Glenburn Soda Fountain owner Roberta LaQuaglia took to Instagram last week to explain to her loyal customers the business’ move to raise prices on some of their famous ice creams, sundaes, sodas, and milkshakes by $0.50-$1.50.

LaQuaglia told the Beacon that the shop has had to deal with a nearly 60% increase in its rent amid faltering revenues due to the pandemic—and now, with the price of milk and butter skyrocketing, the situation had become untenable.

“At the end of 2020, we had to renew our lease, and we had to renew it at a higher rate. They initially started out with wanting us to double, basically a 100% increase of our rent. We negotiated that we couldn’t do that right away, and we were able to get it put down to about the 55-60% range,” LaQuaglia said.

“So 2021 was tough. … We had to take on additional debt to try to keep going through it and keep things operating. And it’s just kind of like the straw that broke the camel’s back in a way, with all the recent cost increases that maybe under normal times, we could have [borne]. But it’s just too much to keep going the way we were.”

LaQuaglia said it’s tough to accurately gauge the individual impacts of COVID, delivery apps, space constraints, and inflation over the past two years. But she estimates that increases in the cost of milk and butter mean a tub of ice cream costs $15-20 more than it did before the pandemic.

“That’s about [a] 25% [increase] in some cases. So it’s a pretty big chunk of any profit that we could make on that ice cream… we try to do a lot with our ice cream to add value, but that base cost of ice cream just really kind of hit in one big go, I think it was back in February.”

The terms of their lease, of course, have been the biggest difficulty for Glenburn Soda Fountain.

When they tried to negotiate with their landlord, they were told that the new rent was in line with newer developments in the neighbourhood. But there’s one problem: the one-storey building they’ve leased out for nearly a decade is actually about eighty years old, according to the BC Assessment.
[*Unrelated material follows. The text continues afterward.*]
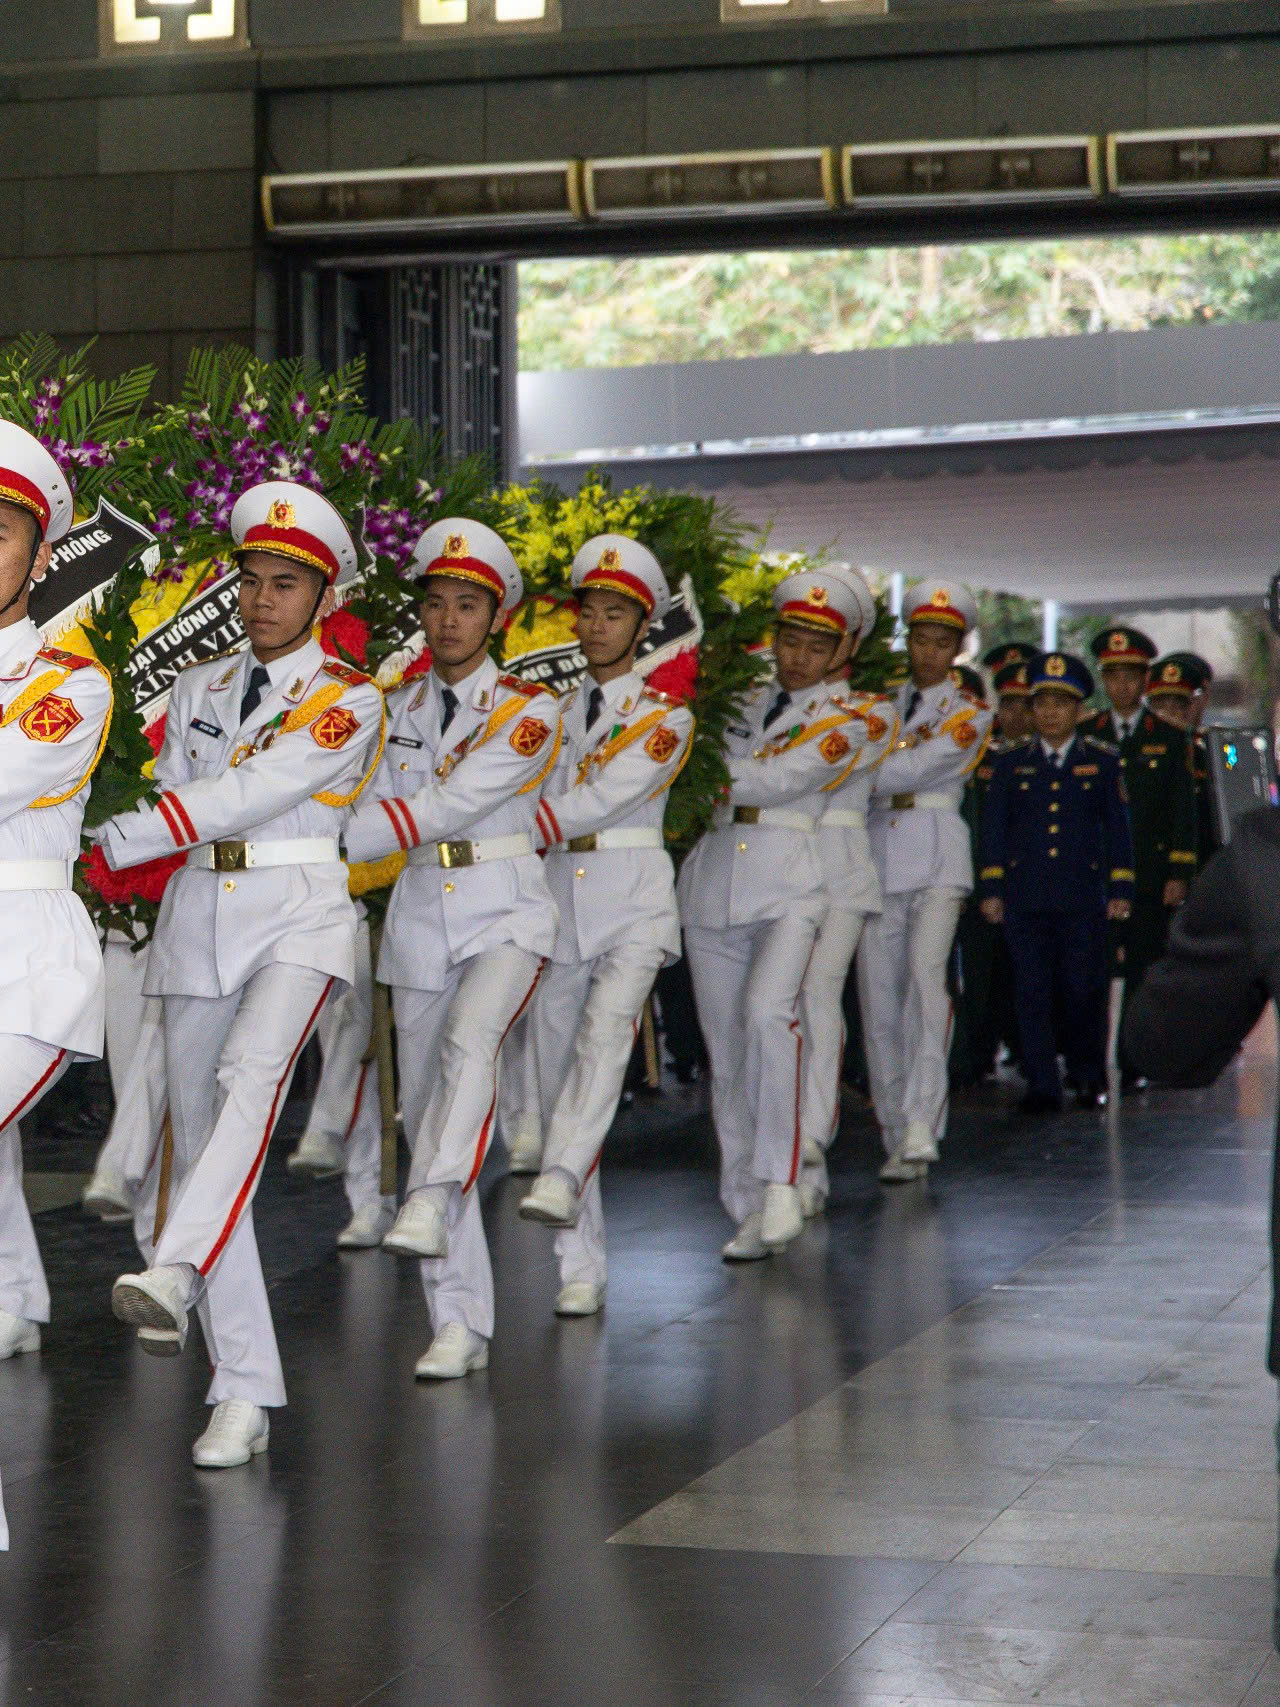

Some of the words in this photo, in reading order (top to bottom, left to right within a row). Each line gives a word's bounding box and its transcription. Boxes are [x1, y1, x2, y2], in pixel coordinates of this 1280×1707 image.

[49, 529, 112, 571] PHÒNG
[155, 602, 220, 652] TƯỚNG
[131, 648, 198, 705] KÍNH
LaQuaglia said while the building definitely doesn’t have the “bells and whistles” of the newer developments around Hastings St, she understands that her landlord may have seen an increase on their property tax. She also agrees that it’s a one-storey building in an area filled with three- or four-storey buildings, which may impact the revenue a property owner can earn.

But that doesn’t make the hit to her business any softer.
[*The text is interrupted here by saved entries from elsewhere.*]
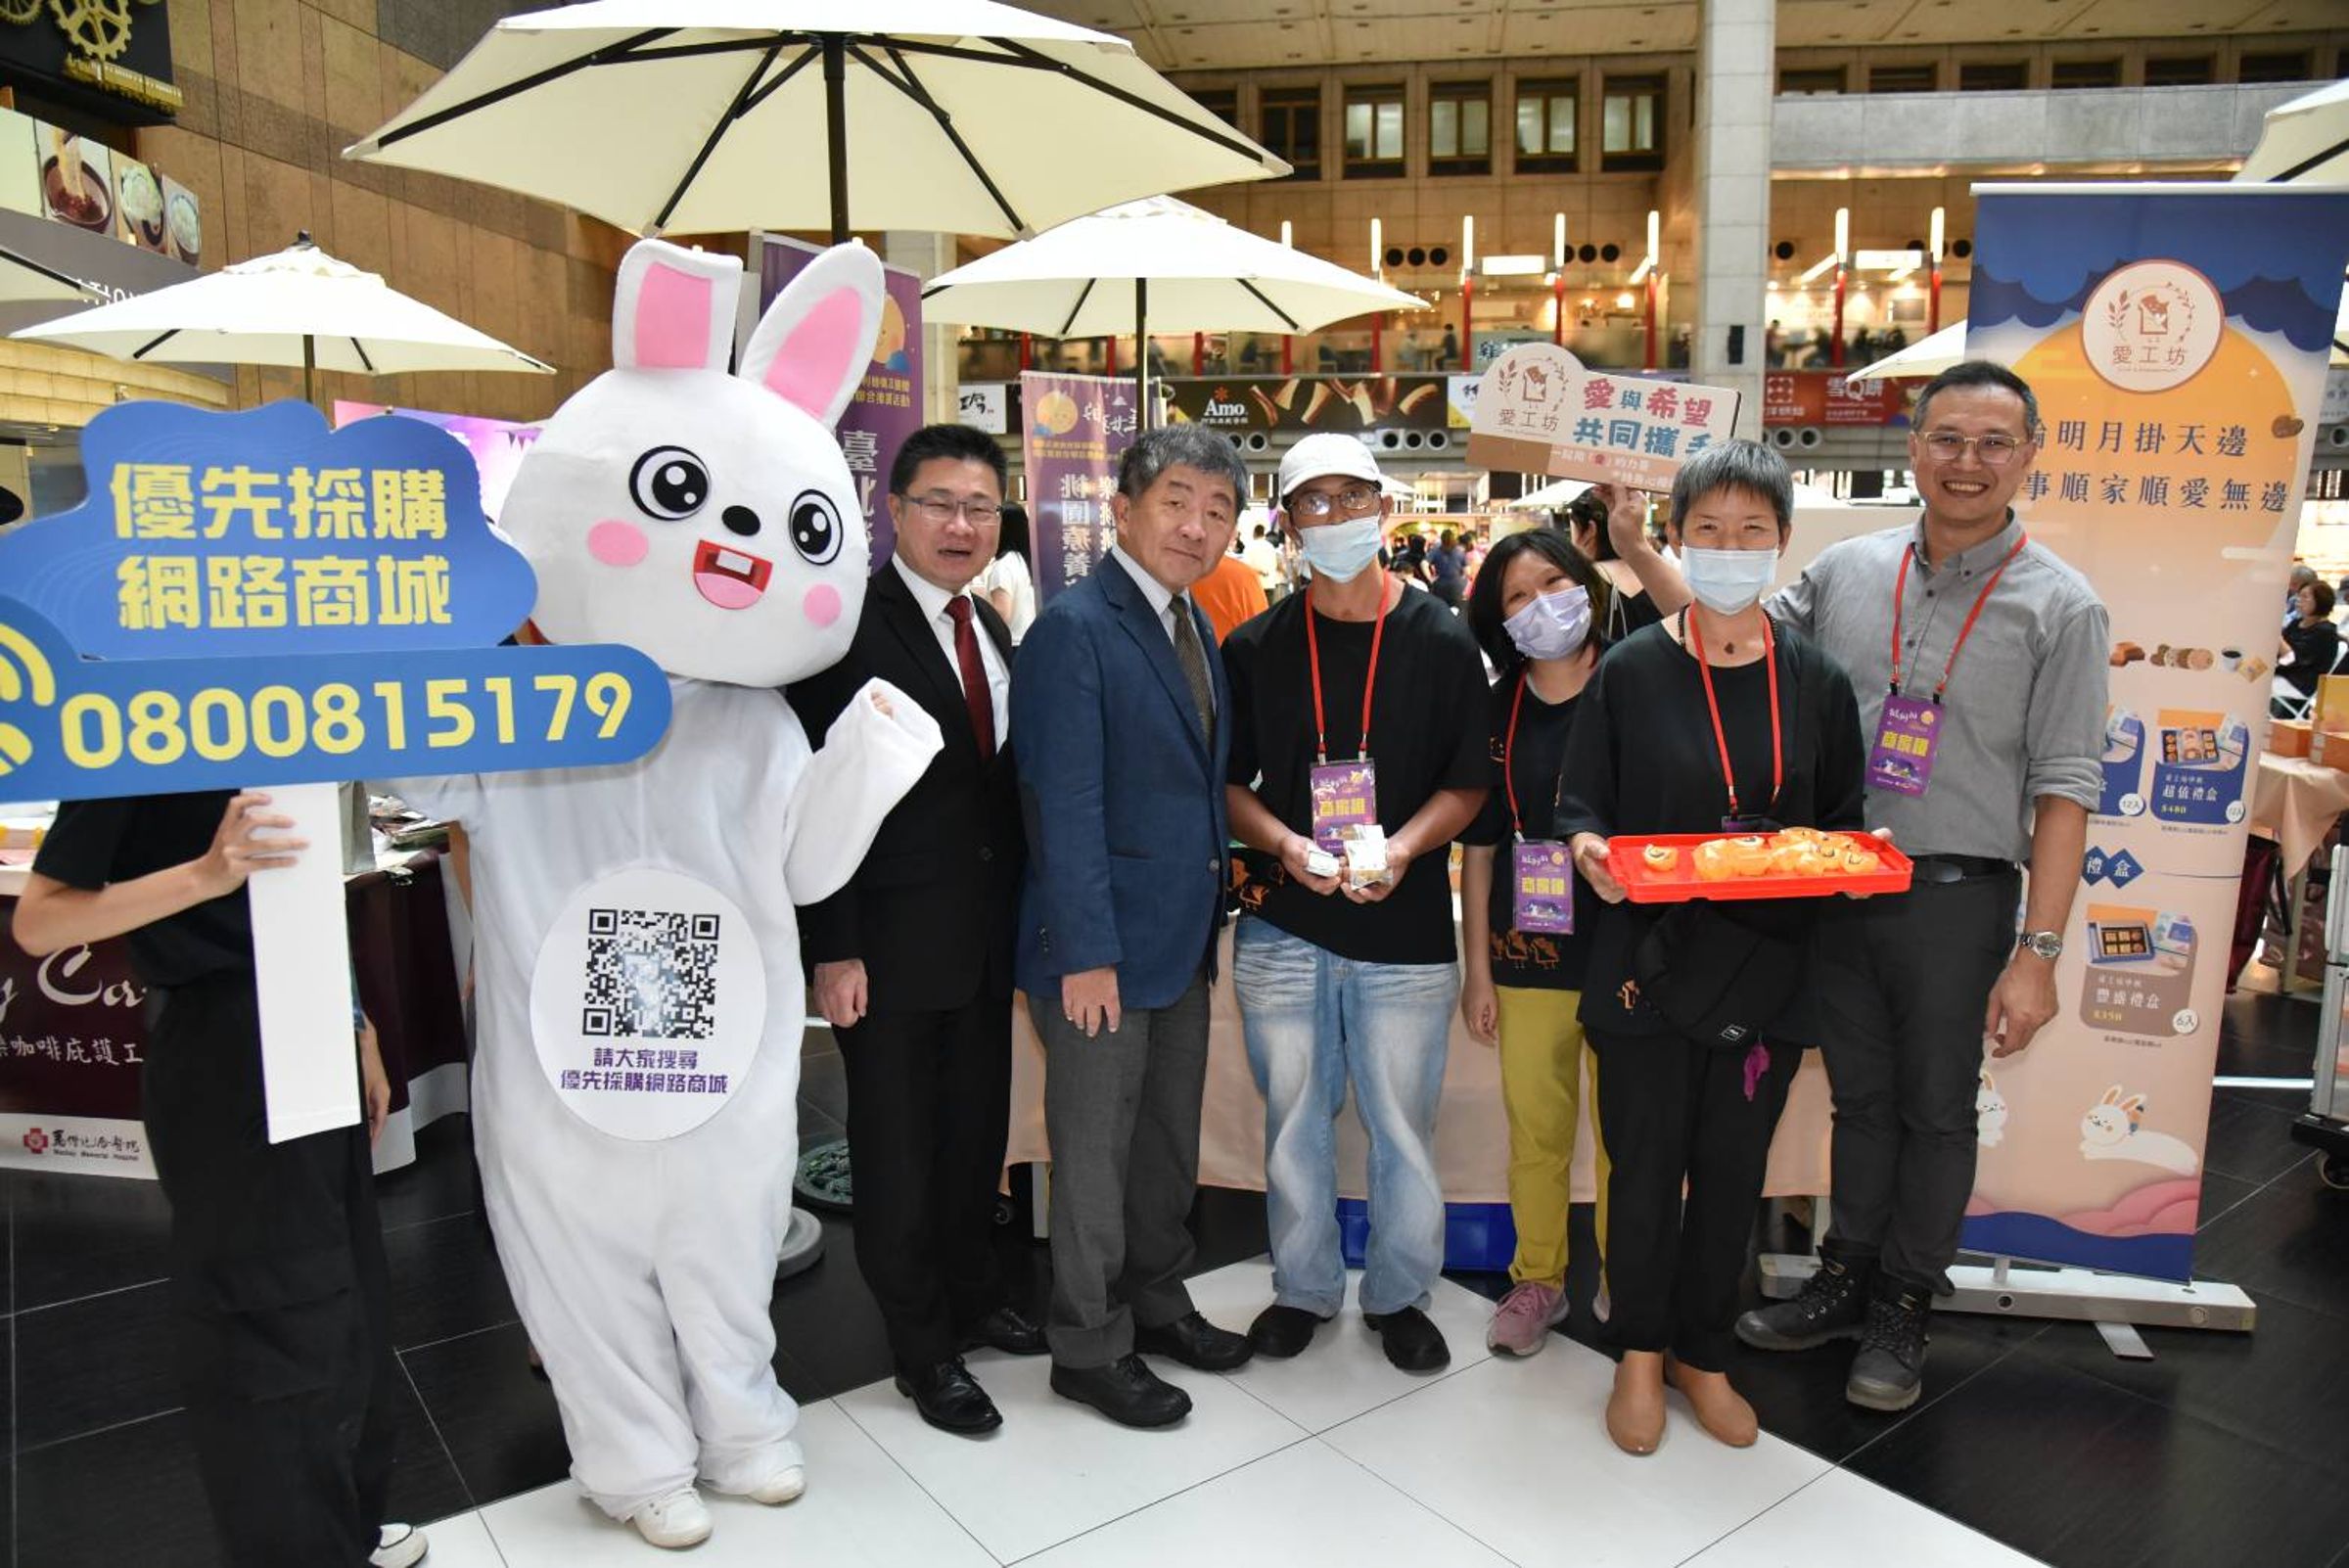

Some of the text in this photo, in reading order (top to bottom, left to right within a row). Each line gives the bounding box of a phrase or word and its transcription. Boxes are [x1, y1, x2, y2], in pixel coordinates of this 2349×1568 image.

[2112, 345, 2188, 366] 愛工坊
[1204, 397, 1246, 417] Amo
[1583, 377, 1713, 428] 愛與希望
[1495, 407, 1560, 433] 愛工坊
[110, 463, 449, 541] 優先採購
[115, 554, 454, 631] 網路商城
[60, 671, 633, 770] 0800815179
[2162, 784, 2219, 802] 超值禮盒
[593, 1047, 698, 1070] 請大家搜尋
[561, 1069, 728, 1094] 優先採購網路商城
She wishes BC would look at putting in a rent control policy for commercial tenancies, much like the one in place for residential tenancies that cap the amount a landlord is allowed to increase rent each year (in line with inflation). This year, residential landlords could increase rents by 1.5%.

No such policy exists for commercial properties, however.

LaQuaglia knows of several other businesses that have also been hit with huge increases in the Burnaby Heights area.

“I think a lot of the small guys are [saying]: ‘I don’t want to have to look for a new place, I don’t want to have to uproot my whole business that I’ve invested all my money in, or maybe I don’t have the money to relocate to another place.’ It’s not simply like packing up your furniture and moving to a new place,” she said.

“I feel like it is an area that needs some attention, because it does seem to be squeezing us pretty bad. And a lot of us are just kind of silently dealing with this. And I don’t think it’s for the good of our industry, for sure.”

When she posted to Instagram, it was with the intention of letting Glenburn customers know that the idea of price increases wasn’t just to make a few more dollars off of them. So far, people have been extremely understanding.

Customers came in over the weekend concerned that the business would be shutting down, and some Instagram commenters even wondered if they could start a “suspended ice cream program”—where customers could ‘pay it forward’ to buy an ice cream for someone else.

LaQuaglia said it was heartwarming to see that kind of generosity at a time when the general public has been feeling the pinch in cost increases in many aspects of their lives—from housing, to gas, to ice cream as well.

As for Glenburn, she says the well-known Burnaby establishment has a lot of work to do to keep its head above water over the next little while.

The business had to adapt quickly to keep afloat when the pandemic started—but that’s taught LaQuaglia that they can do what they need to in order to survive.

“We never thought we would have to sell our ice cream online, or through our website, or anything like that when we started,” she said.

“So, you know, who knows what the future holds? We just want to be around to see it.”